Transcribe the records below exactly as they appear, omitting any pictures.

- _Material supplied_
========================================
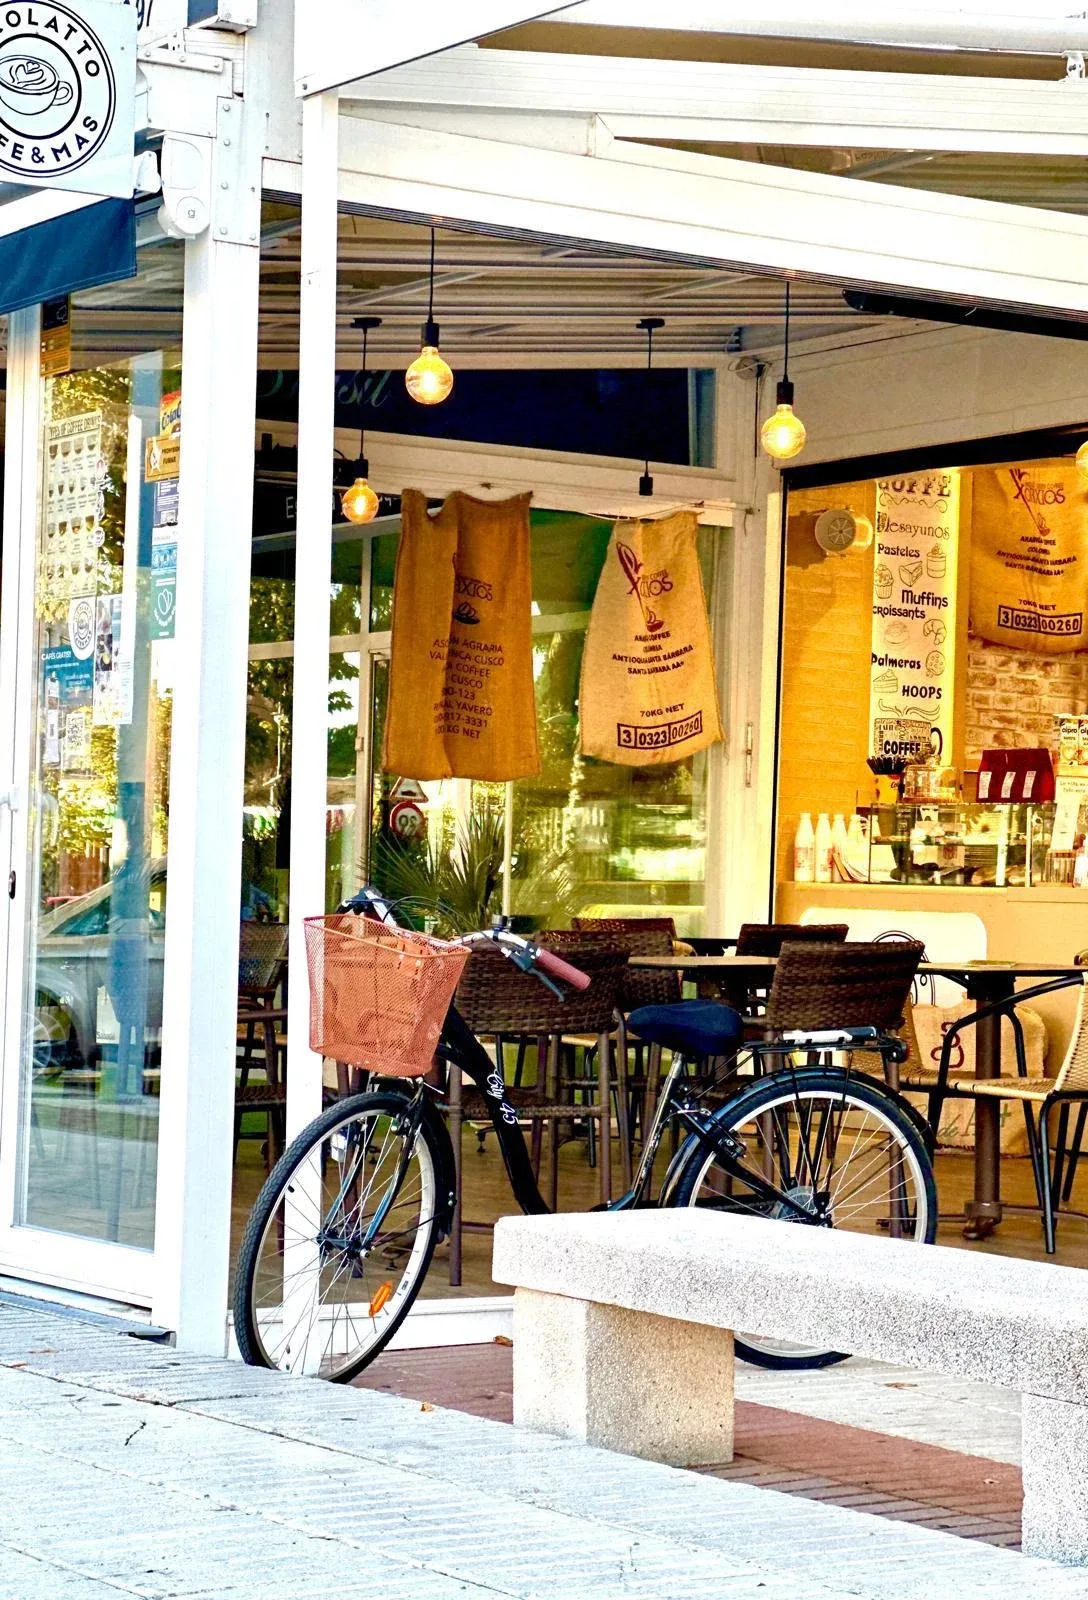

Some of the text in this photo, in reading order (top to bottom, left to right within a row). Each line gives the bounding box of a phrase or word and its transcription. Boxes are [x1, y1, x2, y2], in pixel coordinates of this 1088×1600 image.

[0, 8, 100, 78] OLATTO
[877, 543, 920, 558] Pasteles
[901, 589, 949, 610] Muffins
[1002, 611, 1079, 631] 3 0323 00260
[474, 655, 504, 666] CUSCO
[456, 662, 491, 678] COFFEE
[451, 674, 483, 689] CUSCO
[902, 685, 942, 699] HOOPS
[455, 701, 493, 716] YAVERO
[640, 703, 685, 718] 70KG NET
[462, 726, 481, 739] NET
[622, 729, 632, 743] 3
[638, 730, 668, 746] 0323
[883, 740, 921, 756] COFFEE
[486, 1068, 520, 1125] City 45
========================================
- _Output of the task_
Some of the text in this photo, in reading order (top to bottom, left to right within a row). Each line gives the bounding box of a phrase or word and its transcription. Boxes are [x1, y1, x2, y2], in pixel coordinates of this 1088×1600 image.

[0, 8, 100, 78] OLATTO
[877, 543, 920, 558] Pasteles
[901, 589, 949, 610] Muffins
[1002, 611, 1079, 631] 3 0323 00260
[474, 655, 504, 666] CUSCO
[456, 662, 491, 678] COFFEE
[451, 674, 483, 689] CUSCO
[902, 685, 942, 699] HOOPS
[455, 701, 493, 716] YAVERO
[640, 703, 685, 718] 70KG NET
[462, 726, 481, 739] NET
[622, 729, 632, 743] 3
[638, 730, 668, 746] 0323
[883, 740, 921, 756] COFFEE
[486, 1068, 520, 1125] City 45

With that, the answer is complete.